The Student Room Group

S3 Sampling Distribution

Please could someone explain how you can have an expected value for one item of data? For example in the textbook it says that for the weights of 25 apples, X1 , X2 , X3 etc. each observation has a mean mu and standard deviation 4. But how can X1 for example have a mean when it's only one item?

(my understanding is that it's one item, but I may be wrong...)

Thanks for any help!
Reply 1
Original post by PhyM23
Please could someone explain how you can have an expected value for one item of data? For example in the textbook it says that for the weights of 25 apples, X1 , X2 , X3 etc. each observation has a mean mu and standard deviation 4. But how can X1 for example have a mean when it's only one item?

(my understanding is that it's one item, but I may be wrong...)

Thanks for any help!


Generally speaking a capital letter denotes an r.v, and a lower case the observed value, the XiX_i's will be i.i.d.r.vs themselves.
Wikipedia has a brief page on it, but it isn't very clear.
(edited 8 years ago)
Reply 2
Original post by PhyM23
Please could someone explain how you can have an expected value for one item of data? For example in the textbook it says that for the weights of 25 apples, X1 , X2 , X3 etc. each observation has a mean mu and standard deviation 4. But how can X1 for example have a mean when it's only one item?

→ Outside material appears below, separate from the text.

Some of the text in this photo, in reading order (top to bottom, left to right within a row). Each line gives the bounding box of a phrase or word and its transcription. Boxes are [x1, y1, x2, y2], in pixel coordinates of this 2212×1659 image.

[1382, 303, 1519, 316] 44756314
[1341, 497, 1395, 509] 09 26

(my understanding is that it's one item, but I may be wrong...)

Thanks for any help!


They are random variables, so I could say: Let X1X_1 be the random variable "weight of apple 1", this is a legitimate random variable with a mean and a standard deviation. We don't know the actual weight of apple 1, but we do have its mean weight and the standard deviation of its weight. I'm not sure if I'm being helpful at all, actually... it's hard to put it into words.
Reply 3
Original post by joostan
Generally speaking a capital letter denotes an r.v, and a lower case the observed value, the XiX_i's will be i.i.d.r.vs themselves.
Wikipedia has a brief page on it, but it isn't very clear.


This makes more sense now, although I'm still a little confused on how individual items can have a mean. Is it because X1, X2 etc. are unknown, and it's this that allows them to have a distribution?

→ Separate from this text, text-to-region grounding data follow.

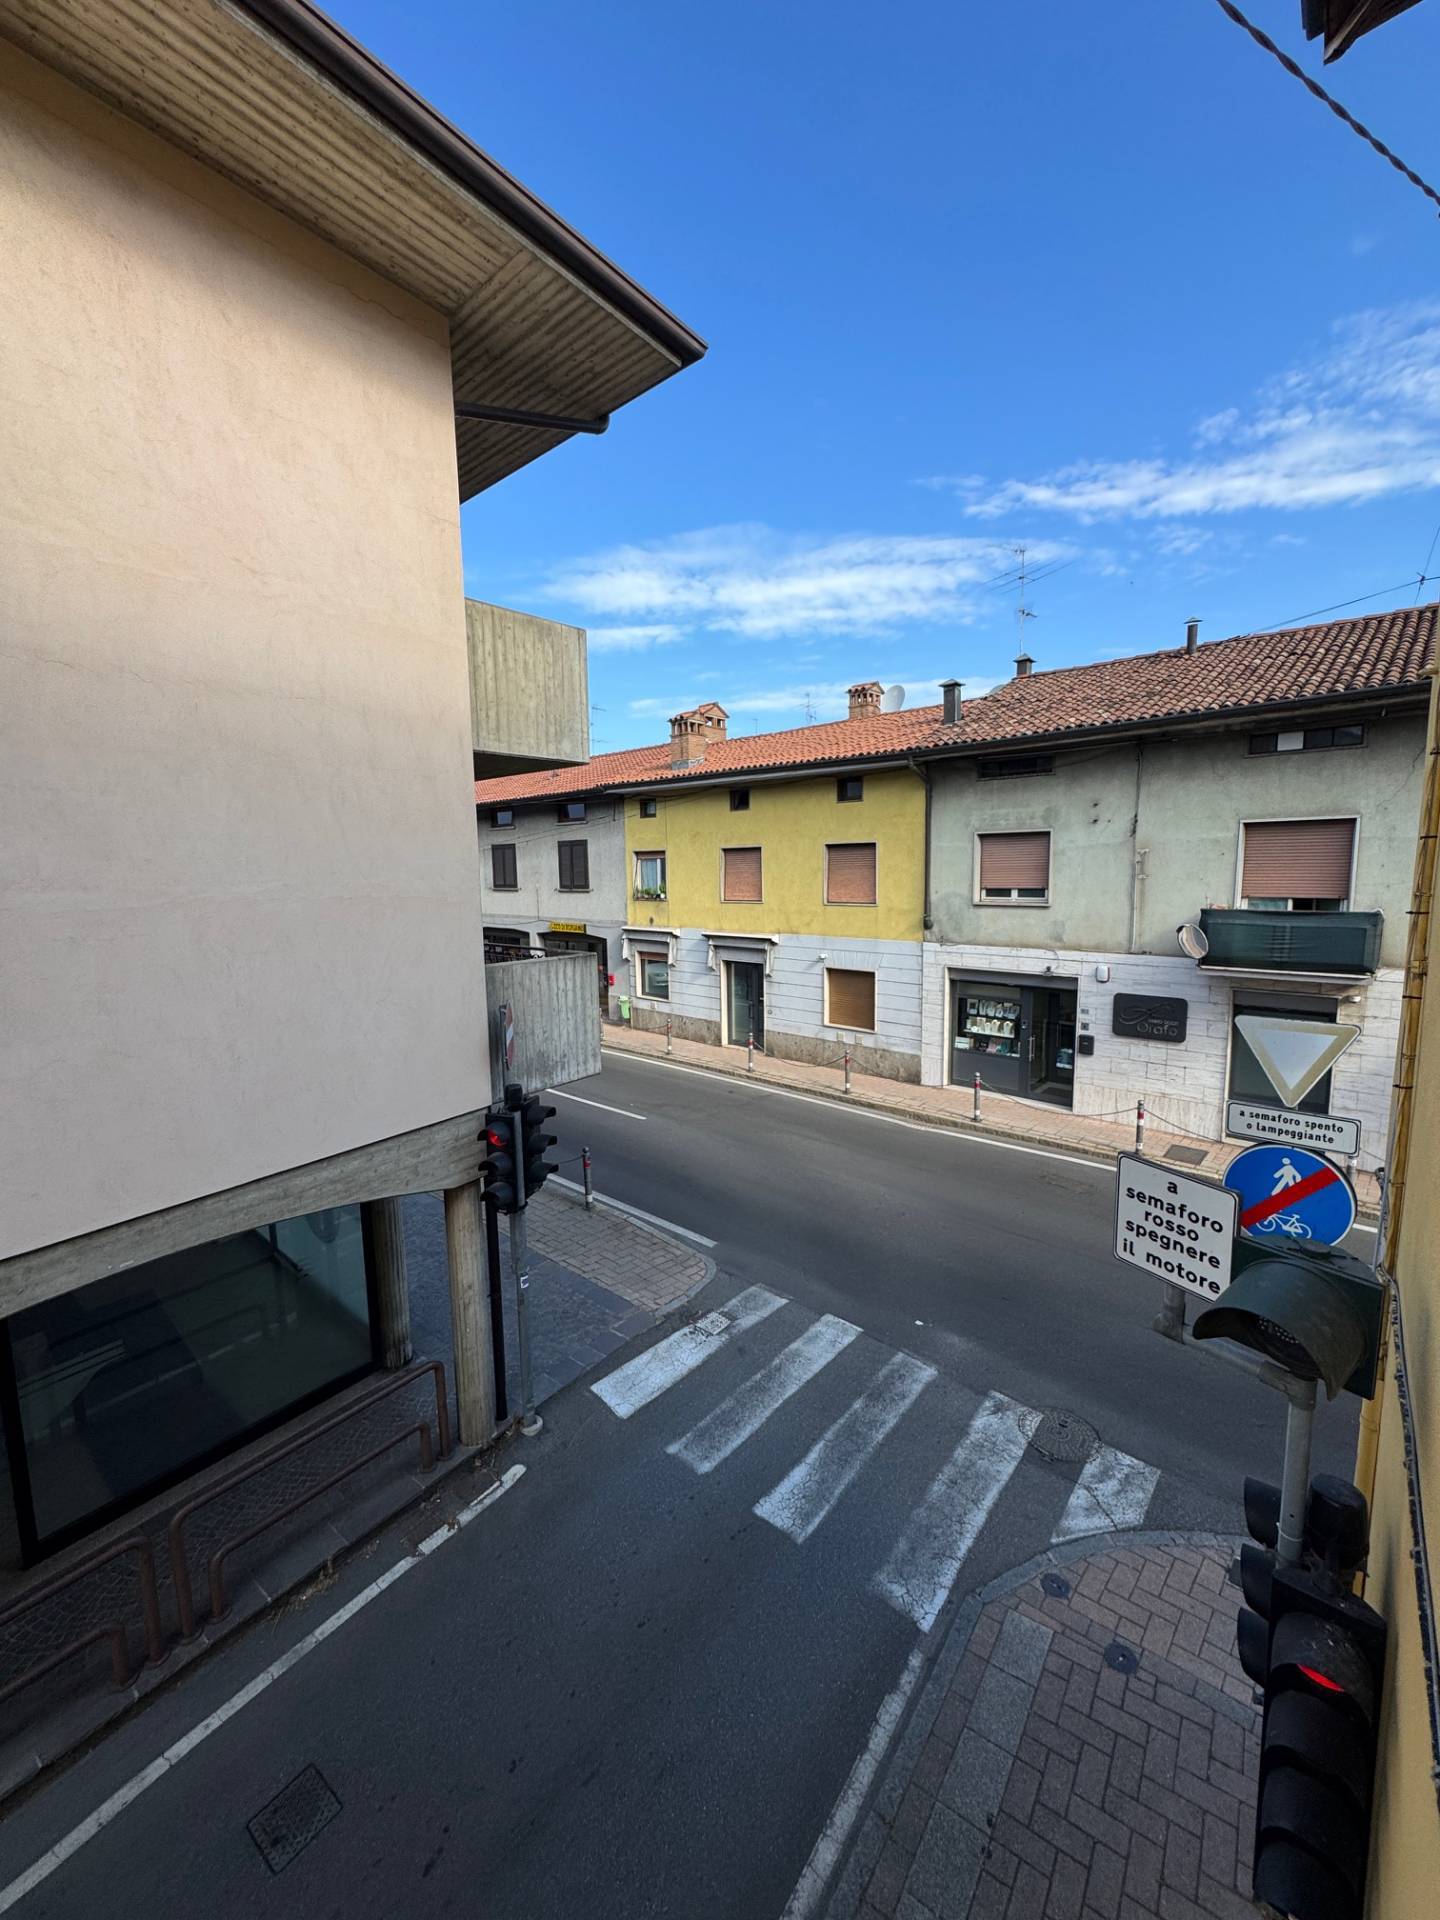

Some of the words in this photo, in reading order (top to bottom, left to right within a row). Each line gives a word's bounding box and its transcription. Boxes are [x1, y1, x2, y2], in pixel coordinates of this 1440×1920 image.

[1137, 1022, 1178, 1037] Orafo
[1249, 1111, 1301, 1126] semaforo
[1304, 1120, 1344, 1133] spento
[1256, 1122, 1334, 1144] lampeggiante
[1167, 1181, 1178, 1195] a
[1126, 1187, 1223, 1233] semaforo
[1144, 1210, 1199, 1241] rosso
[1125, 1220, 1221, 1269] spegnere
[1123, 1237, 1135, 1257] il
[1146, 1251, 1221, 1295] motore

Also, please could you explain when you would use, for example, Var(6X) over 6Var(X)?
Original post by PhyM23
Please could someone explain how you can have an expected value for one item of data? For example in the textbook it says that for the weights of 25 apples, X1 , X2 , X3 etc. each observation has a mean mu and standard deviation 4. But how can X1 for example have a mean when it's only one item?

(my understanding is that it's one item, but I may be wrong...)

Thanks for any help!


It's very easy to slip into bad habits in the use of language and I'm afraid it affects statistics as much as any human endeavor...

So, let's think about what you do when you draw a sample from an underlying population. You assume that the underlying population is fixed and that it has a number of characteristics that are of interest and which we want to know about; It has a mean, a standard deviation, a mode, a median etc etc.

We typically estimate these population parameters by drawing a sample from the population and measuring something about the sample; the sample mean, standard deviation, mode, median...We then use a bit of hocus-pocus to quantify how uncertain are these sample based estimates of the population parameters.

A sample can be any size you wish. It can even be of size one. If it is of size one, then it's a fairly blunt instrument and will give only very imprecise estimates of the population parameters such as the mean, median and mode. It won't even give you an estimate of the population standard deviation as you can't calculate a sample standard deviation. But it's still a sample and still carries some information about the underlying population.

But now let's turn things on their head. Suppose you know all about the underlying population - suppose it's normal with mean 5 and standard deviation 1. Then you know what to expect if you draw a sample from that population; the sample mean and the sample standard deviation should be close to the population mean and the population standard deviation. You know what to expect even if the sample is of size one; your best guess at the value of the next element you draw from the population will be 5. That is its expected value.

So, each individual observation has an expected value. It even has an expected value of its absolute deviation from the population mean. It doesn't have a standard deviation on its own.

Any clearer?
Reply 5
Original post by Zacken
They are random variables, so I could say: Let X1X_1 be the random variable "weight of apple 1", this is a legitimate random variable with a mean and a standard deviation. We don't know the actual weight of apple 1, but we do have its mean weight and the standard deviation of its weight. I'm not sure if I'm being helpful at all, actually... it's hard to put it into words.


PRSOM

That's actually made it a lot clearer!
Reply 6
Original post by Gregorius
It's very easy to slip into bad habits in the use of language and I'm afraid it affects statistics as much as any human endeavor...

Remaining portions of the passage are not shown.